03/25/2024
By Rasha El Ghazal
The Francis College of Engineering, Department of Biomedical Engineering, invites you to attend a doctoral dissertation proposal defense by Rasha El Ghazal on “Phenotypic screening of FDA approved compounds using an in vitro inflammatory nociception model comprised of hiPSC derived sensory neurons and glia on micro electrode array to identify lead analgesics.”

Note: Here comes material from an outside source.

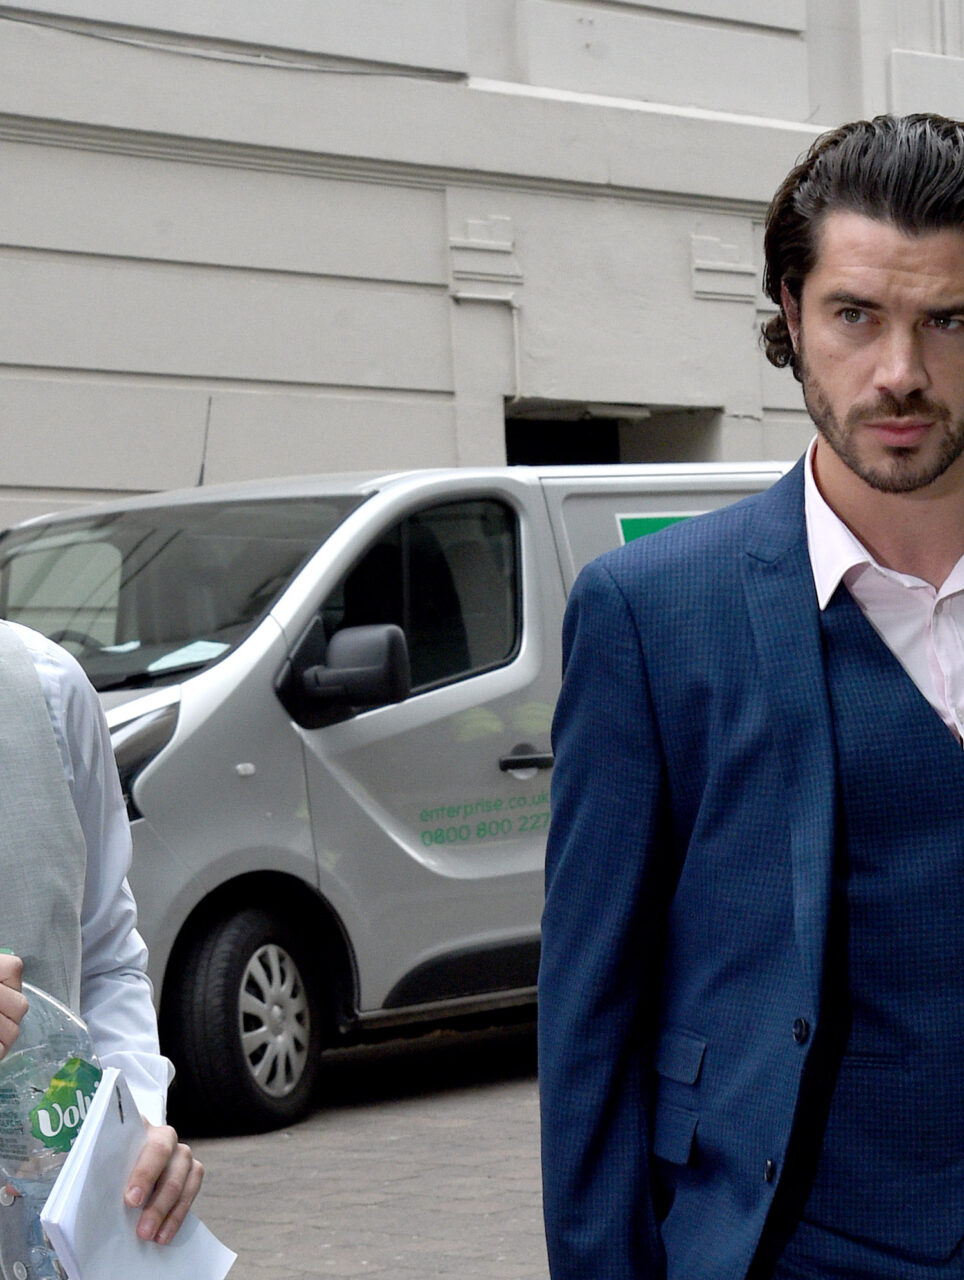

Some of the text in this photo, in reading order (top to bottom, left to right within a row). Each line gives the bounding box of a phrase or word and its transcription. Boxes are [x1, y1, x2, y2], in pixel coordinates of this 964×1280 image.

[420, 790, 549, 822] enterprise.co.uk
[421, 811, 550, 847] 0800 800 227
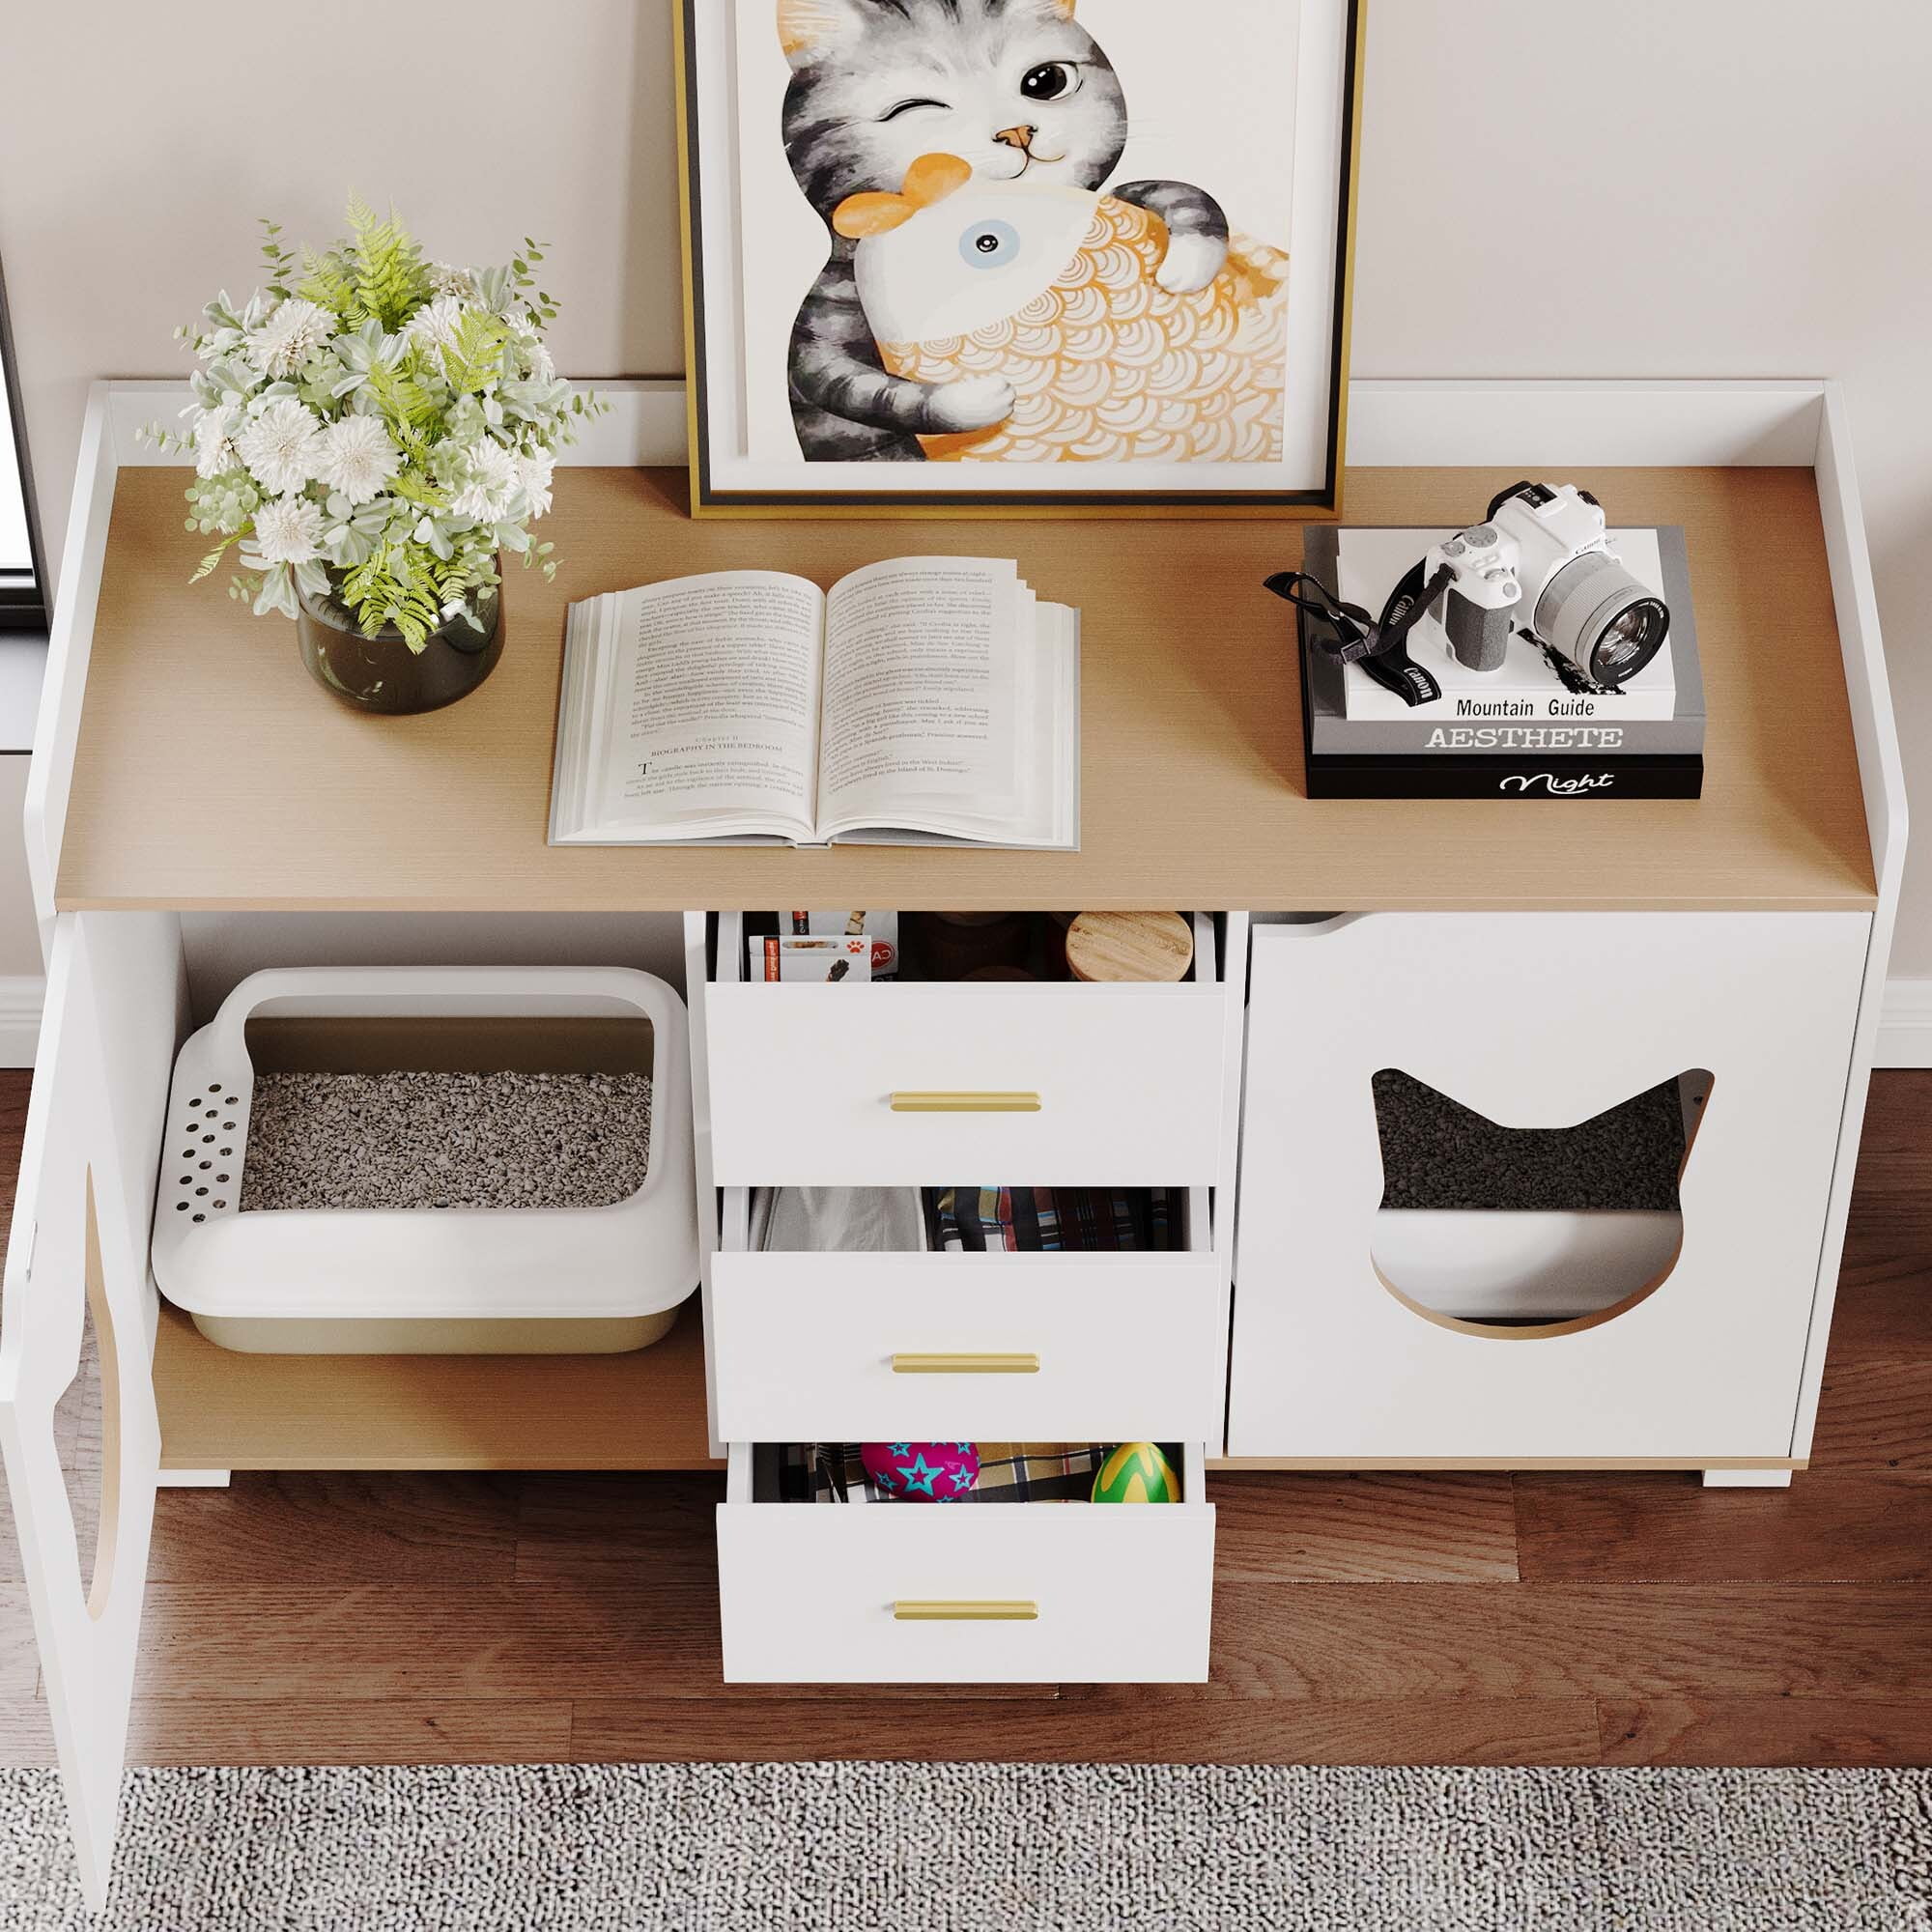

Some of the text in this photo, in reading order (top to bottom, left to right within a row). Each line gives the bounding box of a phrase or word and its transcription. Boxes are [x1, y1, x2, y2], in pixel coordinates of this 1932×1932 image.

Candidate Name: Rasha El Ghazal
Degree: Doctoral
Defe
nse Date: Friday, April 5, 2024
Time: 10 a.m. to noon
Location: Perry Hall 315
Those interested in attending should contact Rasha_ElGhazal@student.uml.edu and committee advisor, Bryan_Black@uml.edu, at least 24 hours prior to the defense to request access to the meeting.
Committee:
- Bryan Black, Ph.D., Assistant Professor, Biomedical Engineering, University of Massachusetts Lowell
- Chiara Ghezzi, Ph.D., Assistant Professor, Biomedical Engineering, University of Massachusetts Lowell
- Suzanne Marcia Marcel Young, Ph.D., Associate Teaching Professor, Chemistry, University of Massachusetts Lowell
- Seongkyu Yoon, Ph.D., MBA, Professor, Chemical Engineering, University of Massachusetts Lowell
Brief Abstract:
Currently, 1 in 5 Americans suffer from chronic pain. It is associated with reduced quality of life due to physical disabilities and mental health problems such as depression and anxiety. Additionally, chronic pain burdens both individuals and government with substantial economic costs from medical bills, disabilities compensation, and loss of productivity; costing upwards of half a billion dollars annually. As of today, there are no treatments for chronic pain, only pain management options ranging from mind and body connection, group therapy, physiotherapy, and limited pharmacological option such as NSAIDs, corticosteroids, tricyclic antidepressants, and opioids. One challenge in developing new analgesics is the reliance on the identification of “druggable” targets. This has led to a broadcast call from the National Institutes of Health (NIH), through the Helping End Addiction Long-term (HEAL) Initiative, and the National Center for Advancing Translational Science (NCATS) for the rapid development of microphysiological systems that may be used to screen drugs in a way that does not require a detailed understanding of the pathology or assumptions regarding a compound’s mechanism(s) of action. Phenotypic screening, an alternative to druggable target-based screening, exploits a pathophysiologically-relevant phenotypic trait to simulate disease progression and/or treatment. At the Pain Research Lab, we developed a phenotypic screening assay that is comprised of human induced pluripotent stem cell (hiPSCs) derived sensory neurons and glia co-cultured on microelectrode arrays. In a previous publication, we showed that our model is an excellent stand-alone assay, based on the modified Z’ metric (an assay quality metric) with a score of 0.61. We publish on a preliminary screening with 15 FDA approved compounds known to affect targets within the pain pathway, where 10 of 15 were identified as hits. I propose to utilize our model to screen a small chemical library of FDA approved compounds and identify a lead analgesic compound. The project will be carried out based on the following aims: (1) phenotypically screen 100 FDA approved compounds known to work on targets involved in the development and maintenance of chronic pain, (2) conduct dosing and cytotoxicity assessment on hits and assess dysregulated transcripts and proteins, (3) identify one lead compound that will undergo target deconvolution to validate its analgesic mechanism of action.